2026 song by ASAP Rocky

"Stole Ya Flow" is a song by American rapper ASAP Rocky, released on January 16, 2026 from his fourth studio album, Don't Be Dumb. It was produced by Rocky himself, Icytwat of Divine Council, Kelvin Krash and Rance of 1500 or Nothin'. The song is a diss track aimed at Canadian rapper Drake and American rapper Travis Scott.

==Background==
In an interview on The New York Times podcast Popcast, ASAP Rocky implied the song was about Drake without explicitly mentioning him. Regarding the origins of their feud, he said "I don't know, I just started just seeing people who started out as friends become foes. Seemed like they was unhappy for you and started sending shots. I think that's what led to any of our misunderstandings or whatever the case is. It really ain't smoke."

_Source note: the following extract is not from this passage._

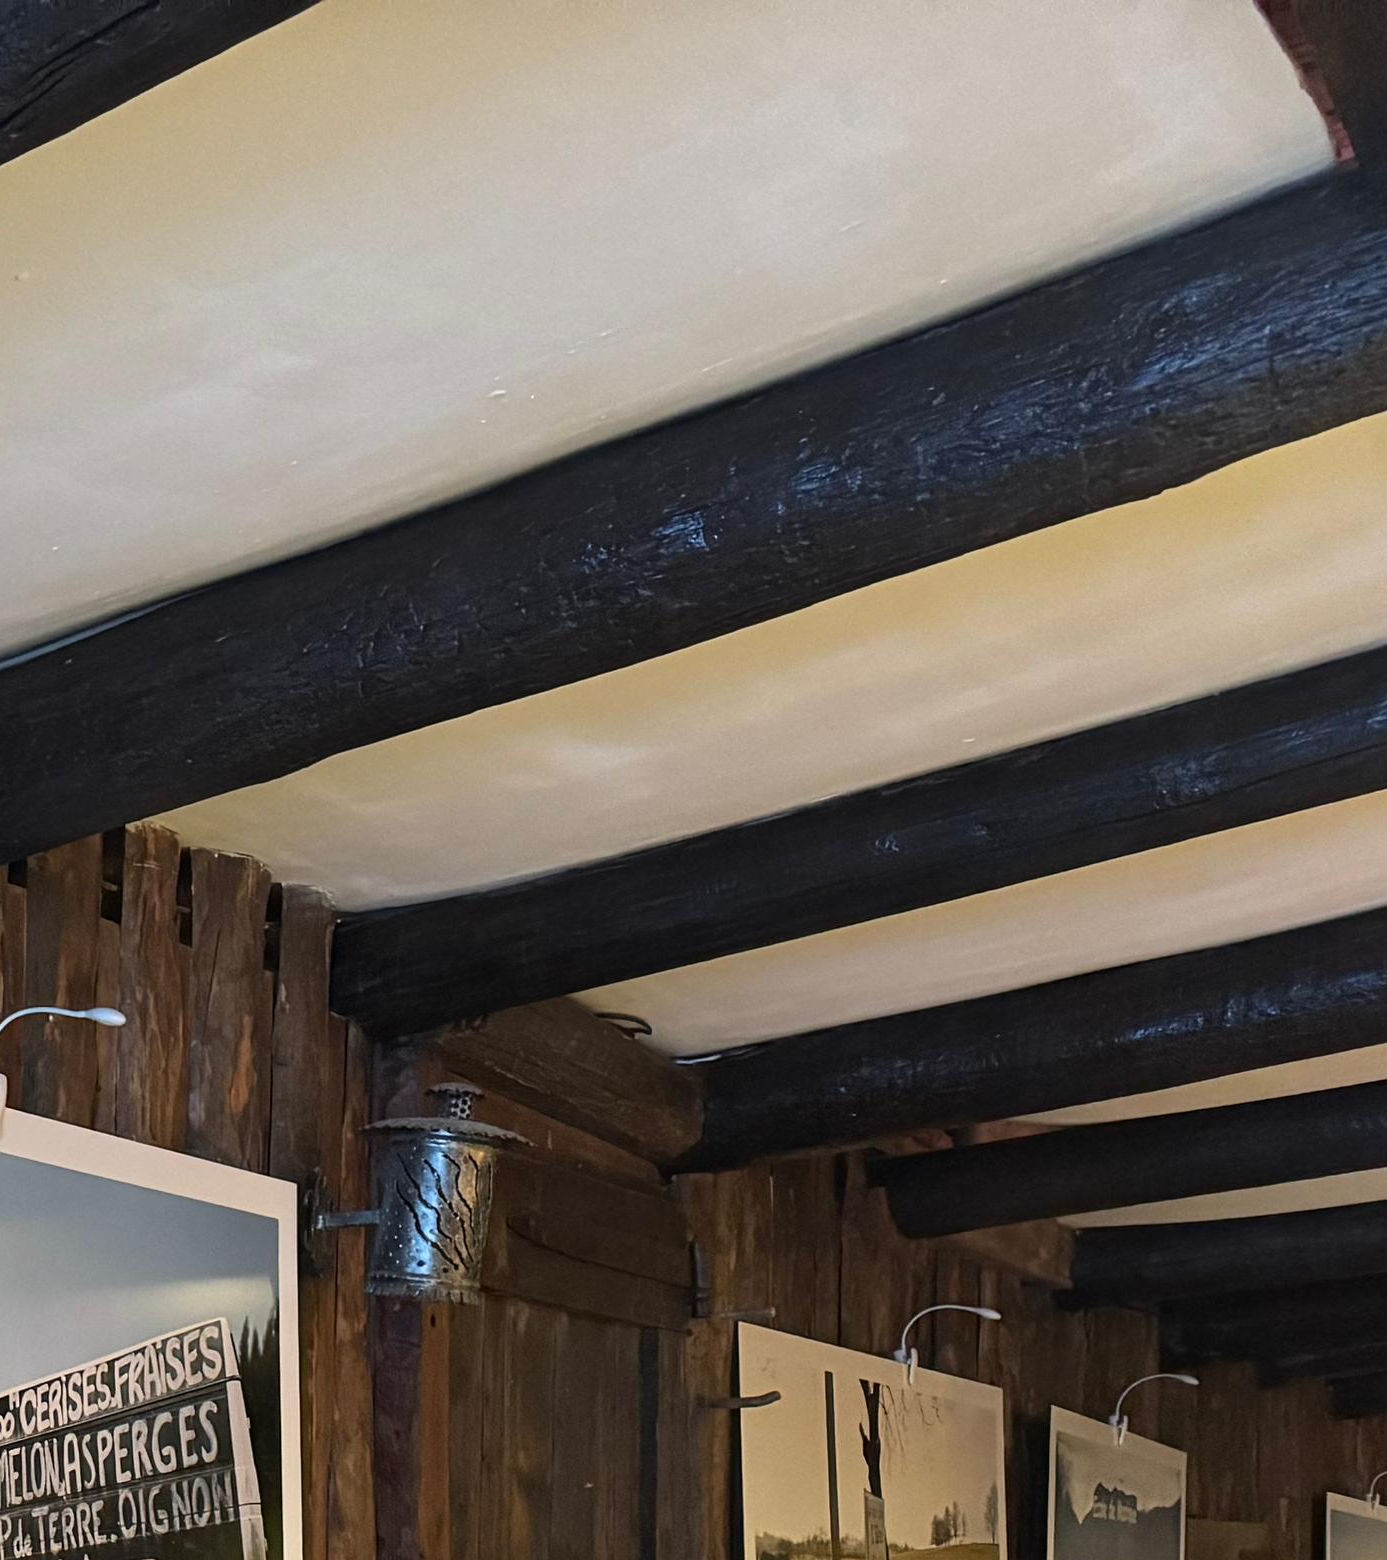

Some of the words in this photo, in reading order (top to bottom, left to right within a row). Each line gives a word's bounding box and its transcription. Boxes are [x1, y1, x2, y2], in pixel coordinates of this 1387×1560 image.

[0, 1516, 12, 1560] P
[13, 1519, 33, 1558] de
[118, 1472, 235, 1539] OIGNON

ASAP Rocky and Drake were previously friends since 2011, the year the former gained notoriety in music. They only collaborated once on "Fuckin' Problems" alongside Kendrick Lamar and 2 Chainz, which was released in 2012. Over time, their partnership deteriorated when in 2019, Rocky began dating singer, actress and fashion entrepreneur Rihanna, Drake's on-and-off ex-girlfriend from 2009 to 2016. This led to subliminal disses toward one another from 2021 up until 2024, when Drake had dissed Rocky among others on his song "Family Matters" amid his feud with Lamar.

Rocky debuted the song during his performance on the final day of Rolling Loud Miami in 2023.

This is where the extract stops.